The age of clear answers was over. So was the age of characters and plots. Despite her journal sketches, she no longer really believed in characters. They were quaint devices that belonged to the nineteenth century. The very concept of character was founded on errors that modern psychology had exposed. Plots too were like rusted machinery whose wheels could no longer turn. A modern novelist could no more write characters and plots than a modern composer could a Mozart symphony. It was thought, perception, sensations that interested her, the conscious mind as a river through time, and how to represent its onward roll, as well as all the tributaries that would swell it, and the obstacles that would divert it.

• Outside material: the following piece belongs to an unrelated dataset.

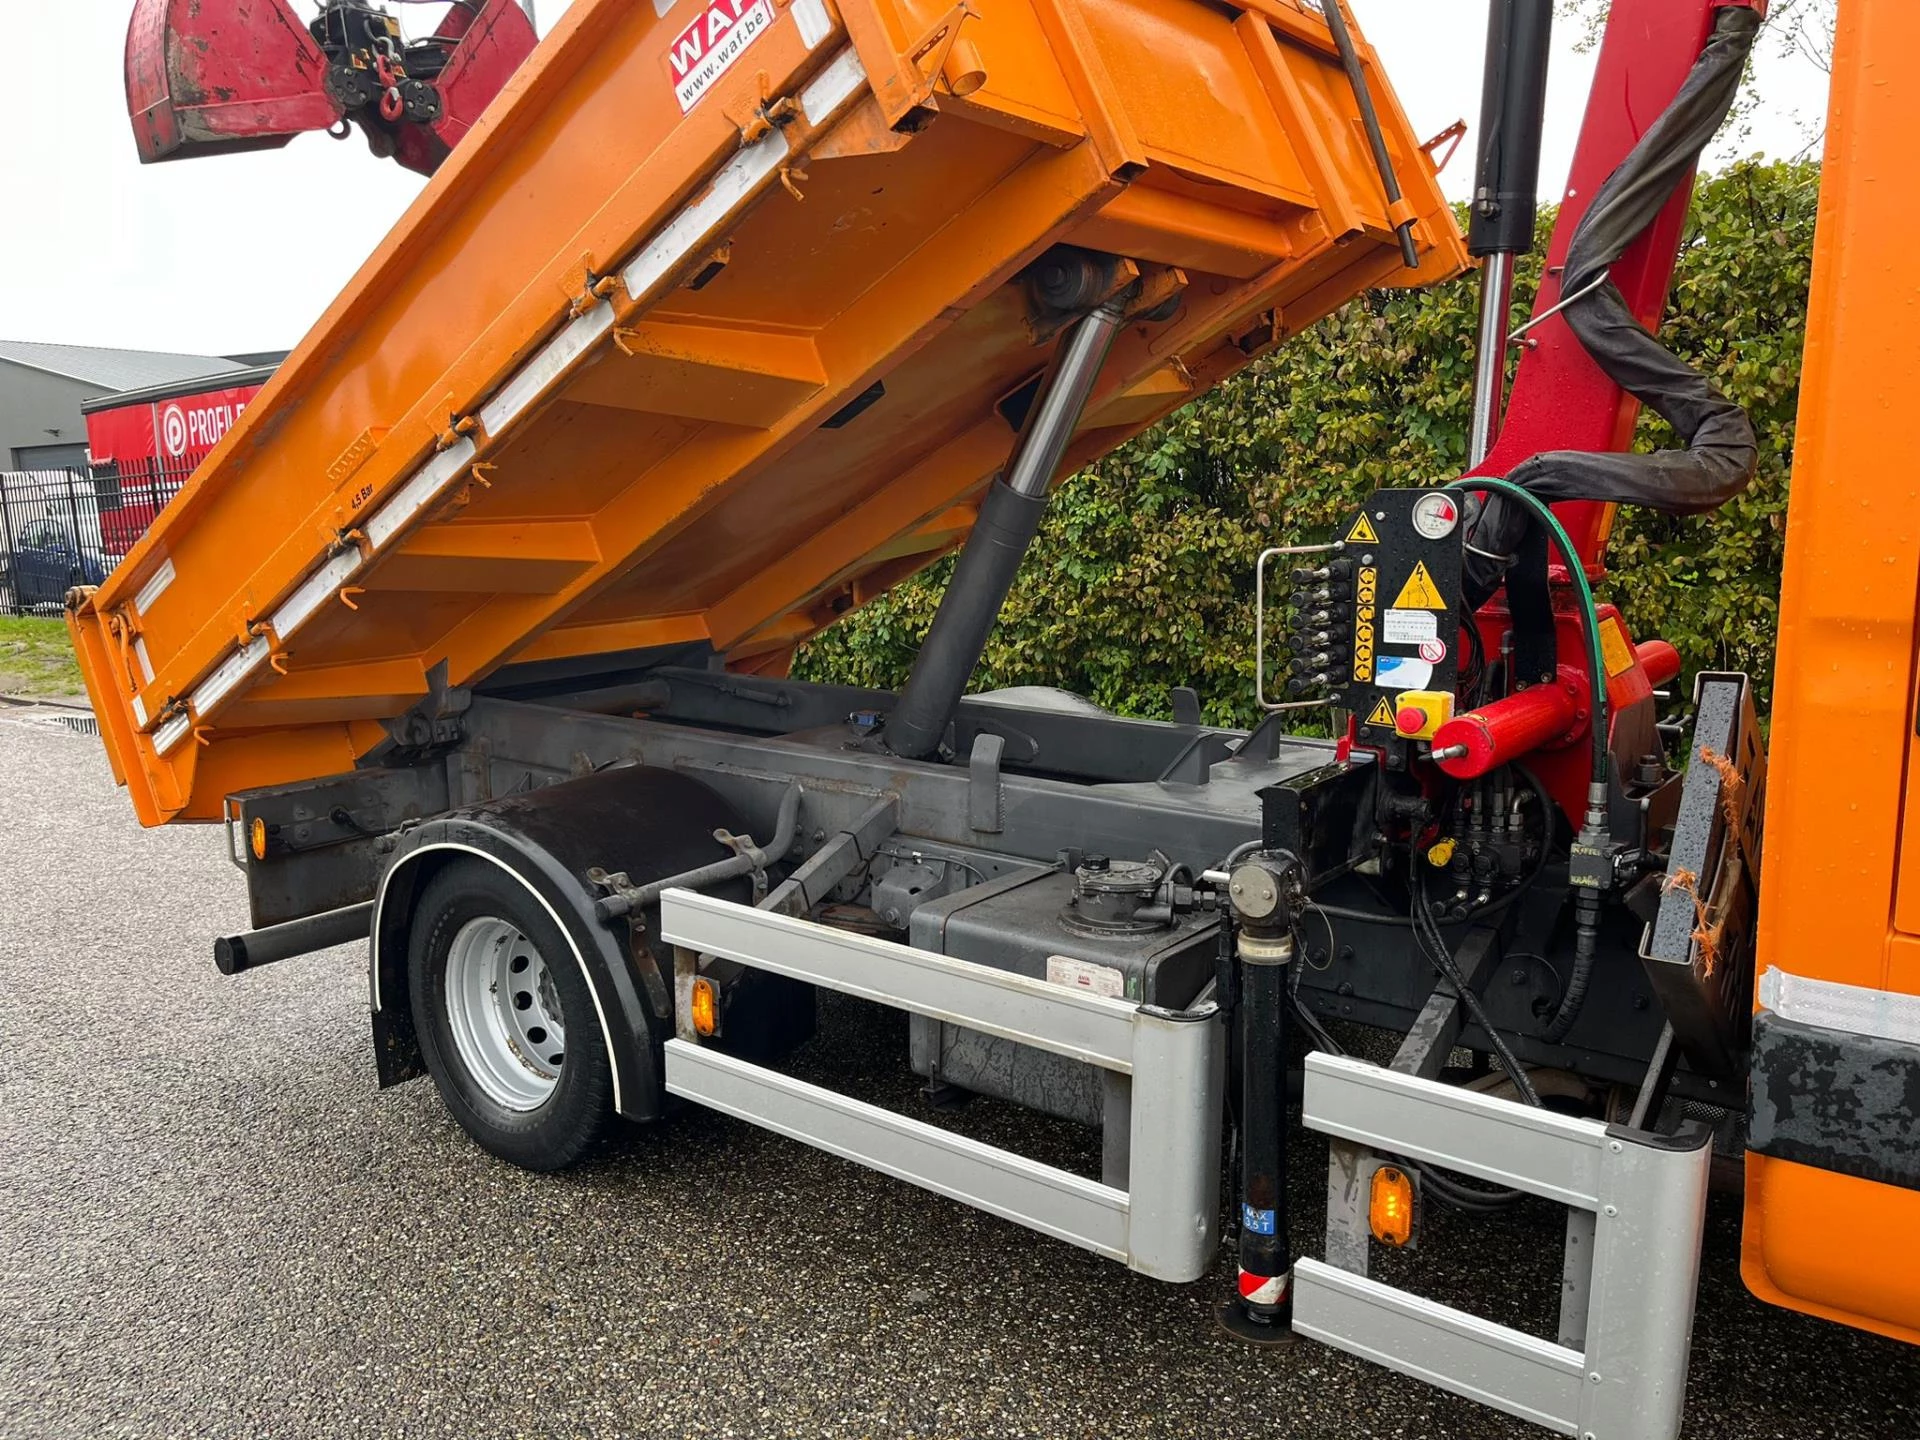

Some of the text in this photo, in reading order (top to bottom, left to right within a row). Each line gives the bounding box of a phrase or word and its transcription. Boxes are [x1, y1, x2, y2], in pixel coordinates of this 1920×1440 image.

There is a joke between my friends about readers splitting into two camps: reading for plot or reading for people. I confess that most of the time when deciding to read a book, I don’t really consider the plot. I’ve started many famous novels with no idea what they are about but they have passed my first line test regardless. I won’t ever buy a book without reading the first line. My plot driven friends have decided that the books I like to read are ‘full of people chatting in drawing rooms’. So, when I read this passage in Atonement, there was no way I could let it pass without comment. The novelist in the paragraph above is Briony Tallis, the narrator, the younger sister, the one who needs to atone.
Virginia Woolf and her stream of consciousness novels influence Briony’s writing, and Ian McEwan may be following his own advice. This is the second of his novels that I have read (the other being Enduring Love) and there are similar methods of writing in each: Plot and characters come second place to impression and small unusual events. In Atonement it is a play, a broken vase, a fountain. In Enduring Love it is a hot air balloon, a picnic, a child. The writer picks out a detail of life that wouldn’t feature in the lives of characters in any other novel. Ignoring an outright description of character makes for the strongest impressions. I think you can never truly know how you would react in certain situations unless you are in them, but the way you react tells you more about yourself than any mundane description could. McEwan uses this idea to his advantage and creates truly real characters. Without seeming to strive to create them at all.
Now having said that plot isn’t an issue, Atonement is a fabulous story. It manages to explain broad concepts in humanity like love and war through a concentrated set of characters. There is childhood, there is a war, there is the home left afterwards. I really enjoyed the constructed nature of Atonement. All the references to Briony’s writing, as well as being told from the start about her ‘crime’ makes the purpose of the story clear, but it never unfolded the way I would have predicted.
The problem these fifty-nine years has been this: how can a novelist achieve atonement when, with her absolute power of deciding outcomes, she is also God?
The ending, perfect fiction. In a few words, the meaning of the novel changes. It is the cleverest thing I have read in ages. (I remember the very same effect in Enduring Love!) The story is a brilliant one and as clichéd as it may sound I feel like I’ve come full circle with the people in it.
The edition I have is part of the Vintage 21st birthday series. Each novel is a different colour, Atonement is much more green than my photo makes it look: it is exactly the colour of Cecelia’s dress worn that evening in the library…
I am now reading The Report by Jessica Francis Kane. It is about the events at Bethnal Green tube station during the blitz, ever so slightly (sob) linked to Atonement.